As the villain of Wild
Wild West, Kenneth Branagh
stole the film, but suffered
for his art
Ken Branagh's not being
going through the best of
times physically. He's
completely legless - literally
- as the evil Dr Arliss
Loveless in his latest film
release, Wild Wild West,
and earlier this month he
was put out of action in
real life, too, by a slipped
disc.
But striding around the room, before that incident, dressed
casually in a crisp white shirt and jeans, the clean-shaven star
seems almost unrecognisable from the bearded, angry,
wheelchair-bound villain.
Coincidentally, before his lead in Woody Allen's Celebrity, Branagh
had been filming with girlfriend Helena Bonham Carter in The
Theory Of Flight - in which she plays a woman confined to a
wheelchair by motor neurone disease.
Did he compare notes with Helena? "Yeah, Helly had done a lot of
research so that was a help, as it's very strange when you can't
have your feet on the ground," the 38-year-old
actor/writer/director admits. "It changes your voice."
So just how much did he suffer for his art?
"My legs were twisted under me and they had to screw down a
metal plate to keep my thighs out of sight," he explains.
"I was quite squashed. I only did 20 minutes or a half hour before
the circulation really started to bother me and after two weeks I
started getting all sorts of aches and pains."
With Branagh as its charismatic villain, Wild Wild West pits Will
Smith as secret agent Jim West against such terrors as an 80ft
steam-driven tarantula which Loveless plans to use in his plot to
assassinate the US president.
A mixture of fast-paced action, comedy and fantasy, the film
combines traditional Western trappings like horses, saloons and
sexy saloon girls with bizarre contraptions, including Loveless's
gadget-packed wheelchair, and state-of-the-art digital effects.
Branagh, who says he got "quite deft" at driving his
steam-powered chair, enjoyed playing the villain of the piece, and
a number of critics have said he more or less steals the film.

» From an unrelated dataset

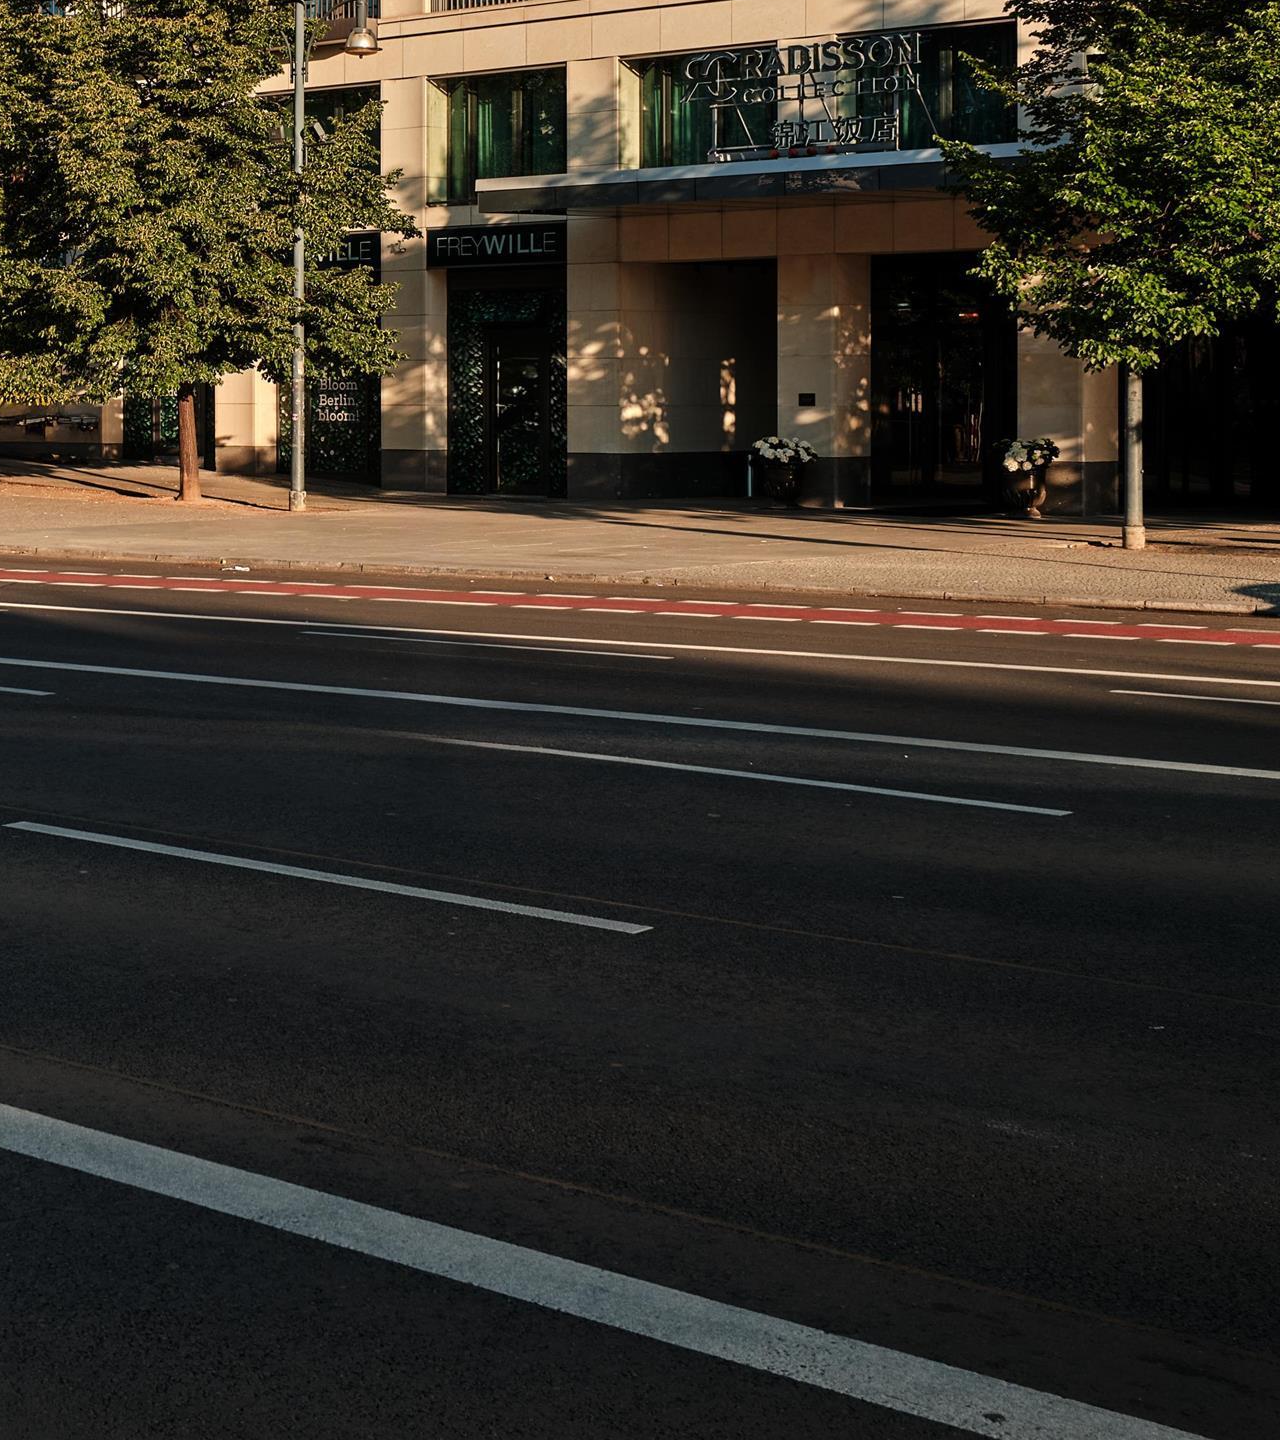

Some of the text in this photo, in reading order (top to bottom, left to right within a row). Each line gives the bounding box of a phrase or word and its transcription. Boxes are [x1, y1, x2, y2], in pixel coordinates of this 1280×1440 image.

[741, 32, 922, 80] RADISSON
[743, 73, 921, 105] COLLECTION
[436, 231, 556, 257] FREYWILLE
[319, 378, 359, 391] Bloom

"Well, it is quite a bit of Bond villain in there," he laughs. He also
enjoyed the attentions of the four Wild Wild West "Bond" girls. "It
was amazing just to walk into the make-up room every morning,"
he gloats.
"I was surrounded by all this sexy cleavage. Loveless loves these
beautiful women but he's also torturing himself. He can't have sex
with them."
Branagh's own private life seems to have settled down at last. He
has built a house, though he only got to spend about six weeks in
it last year.
A few years ago, during the much-talked-about demise of luvvie
duo "Ken-and-Em", things were more turbulent.

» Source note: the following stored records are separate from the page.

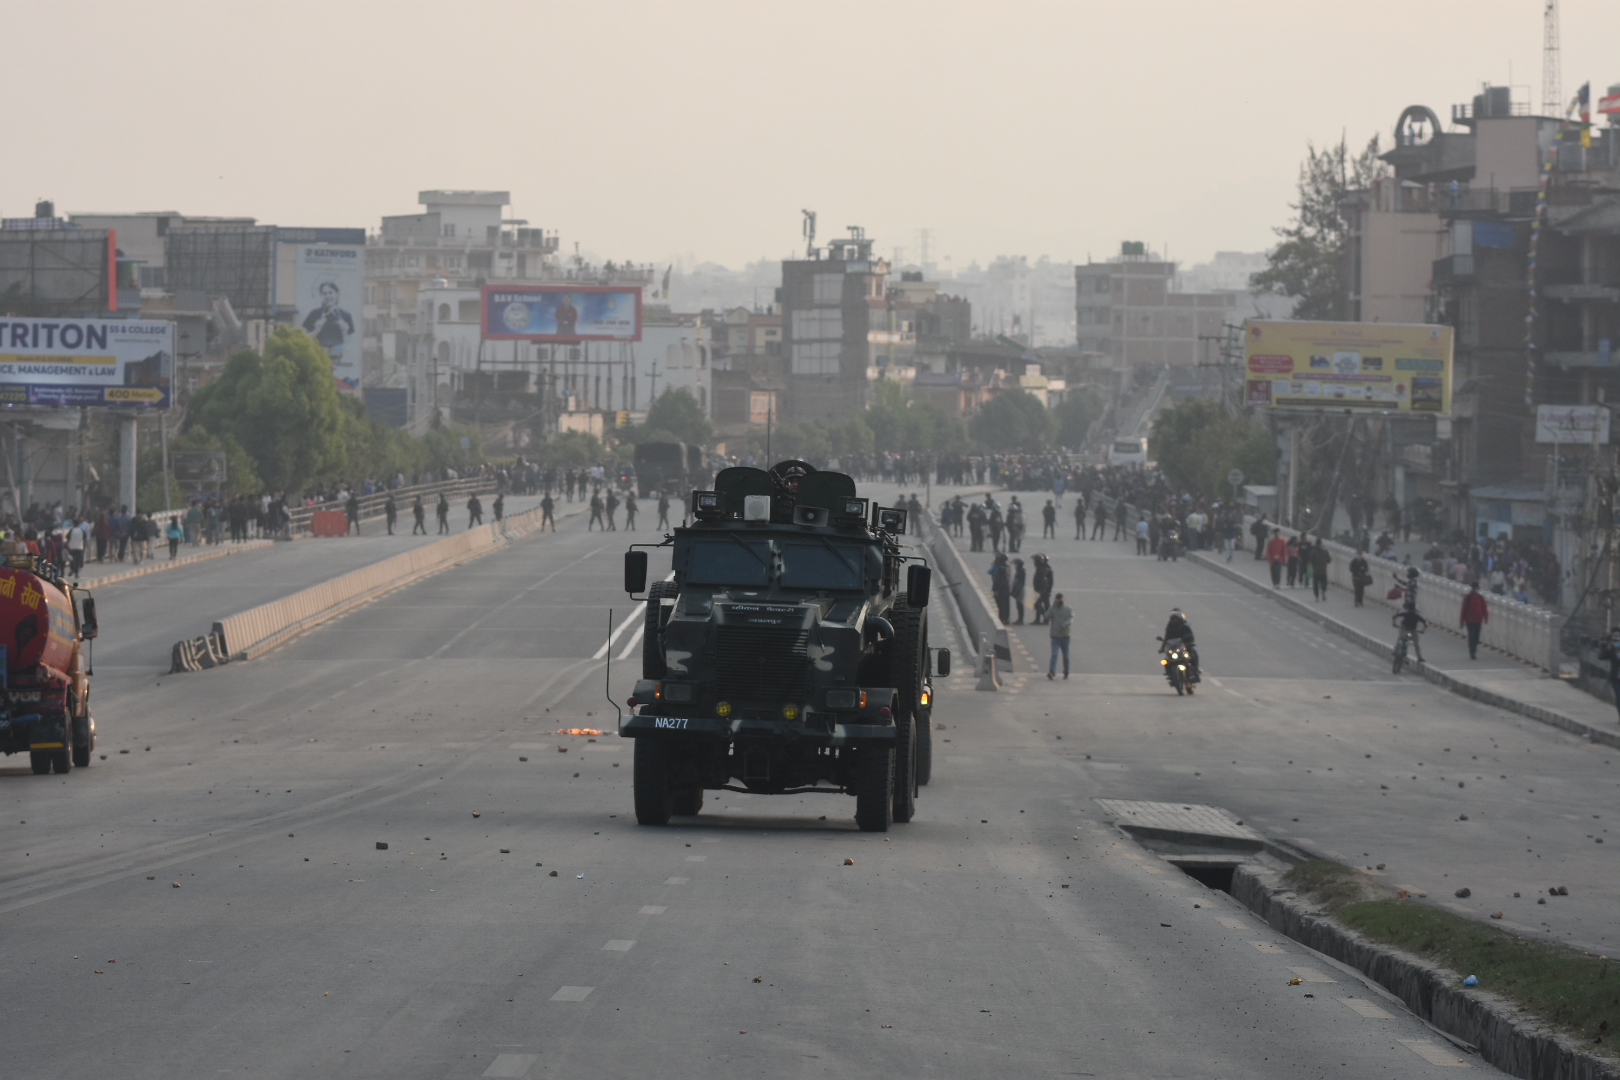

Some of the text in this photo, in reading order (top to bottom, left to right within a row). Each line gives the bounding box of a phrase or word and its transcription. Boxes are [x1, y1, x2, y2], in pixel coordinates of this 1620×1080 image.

[128, 325, 167, 334] COLLEGE
[0, 364, 16, 376] CE,
[18, 365, 86, 376] MANAGEMENT
[95, 367, 117, 376] LAW
[108, 389, 130, 399] 400
[21, 581, 42, 610] सेवा
[654, 717, 689, 730] NA277

He admits that the split, which brought divorce in 1996, was
particularly bitter for Emma Thompson, especially when it was
revealed that all the rumours were true - that he had been having
an affair with Bonham Carter, his co-star in Mary Shelley's
Frankenstein.
Time, it seems, has healed many of the wounds. Ask him if he and
Emma even talk now, and he says: "Not only do we talk, but we
have stayed friends, and I hope we always will be." Thompson has
also been enjoying her own success, following her 1995 Oscar for
Sense And Sensibility, and is expecting her first child with new
partner Greg Wise.
With Branagh's 1994 Frankenstein a disaster, and then the
box-office disappointment of The Theory Of Flight in the States,
some cynical Hollywood insiders are suggesting that the acting
collaboration of Ken and Helena is now under pressure. Branagh is
quick to dismiss this. "We love working together and had a great
time on Flight," he stresses. "And if there's another great script
that people want us for, we'll do it."
The couple have no plans to live together or tie the knot as yet, it
seems. "Would I ever remarry? I've no idea," says Branagh. "I've no fixed views on that, children,
you name it. As for living together, Helly finally moved out of her
parents' house and into her own, so she's still got her own place."

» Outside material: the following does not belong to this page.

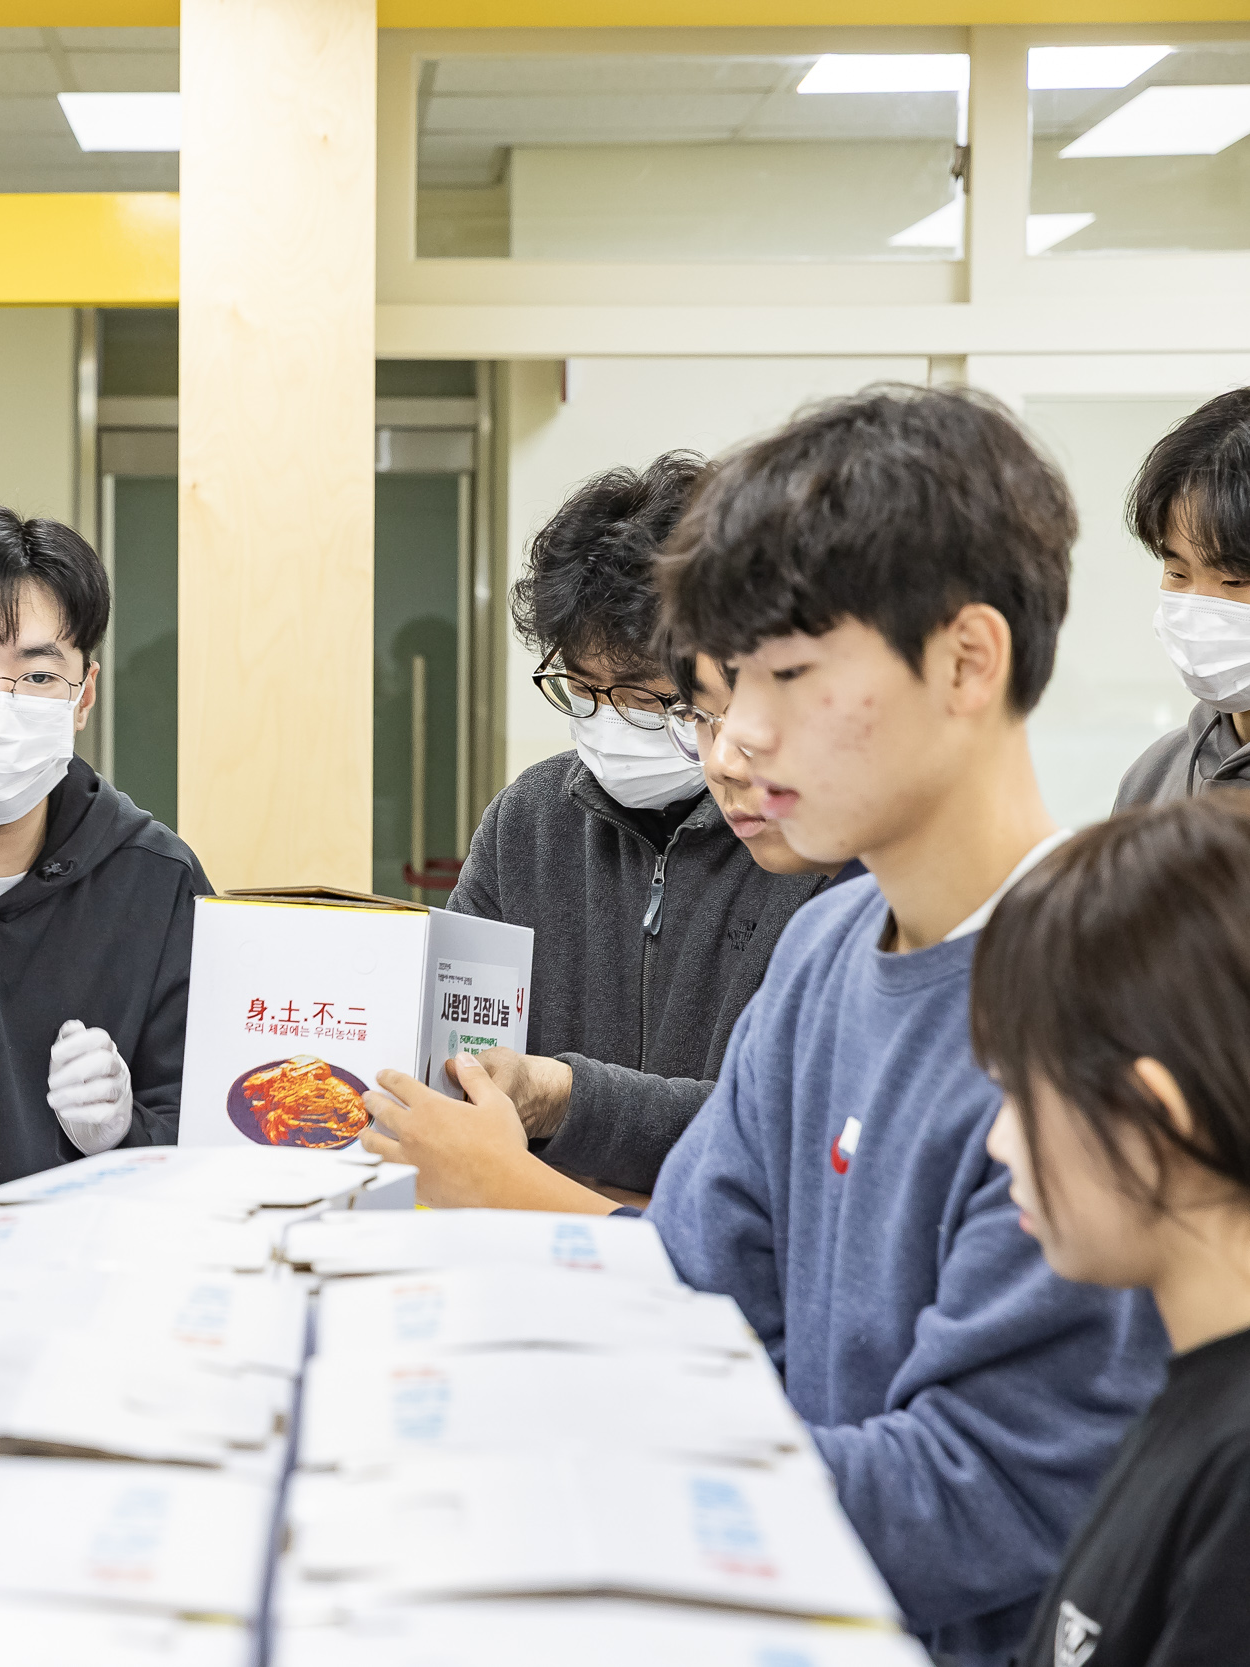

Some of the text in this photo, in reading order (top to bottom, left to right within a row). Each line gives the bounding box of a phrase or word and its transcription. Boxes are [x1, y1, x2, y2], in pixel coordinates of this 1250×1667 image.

Would he ever like children? After all, he's approaching his 40s... "I
love kids," he insists. "There are lots of friends who can't have
them, so I never assume. But I haven't been actively trying, so it
may or may not be on my dance card, but again, it's not
something that at this stage I feel I can particularly plan for. I try
to think no further than dinner or tea. That keeps me happy."
Branagh, who's filled out a bit in the past couple of years,
certainly seems happier and softer these days. And he's excited
about the first production from his Shakespeare Film Co, a musical
version of Love's Labour's Lost (the second, due to start filming
this autumn, is Macbeth - with Branagh taking the lead).
"I went from a wheelchair to singing and dancing, so my muscles
were a bit confused by the end of it," he laughs. "It's set in the
Thirties, and it's all singing and dancing, tapping, synchronised
swimming. You name it."
Synchronised swimming? "Yeah, we have a big Esther Williams
number, but I'm not in that, thank God," he laughs. "I do some
singing and I think that'll be quite enough."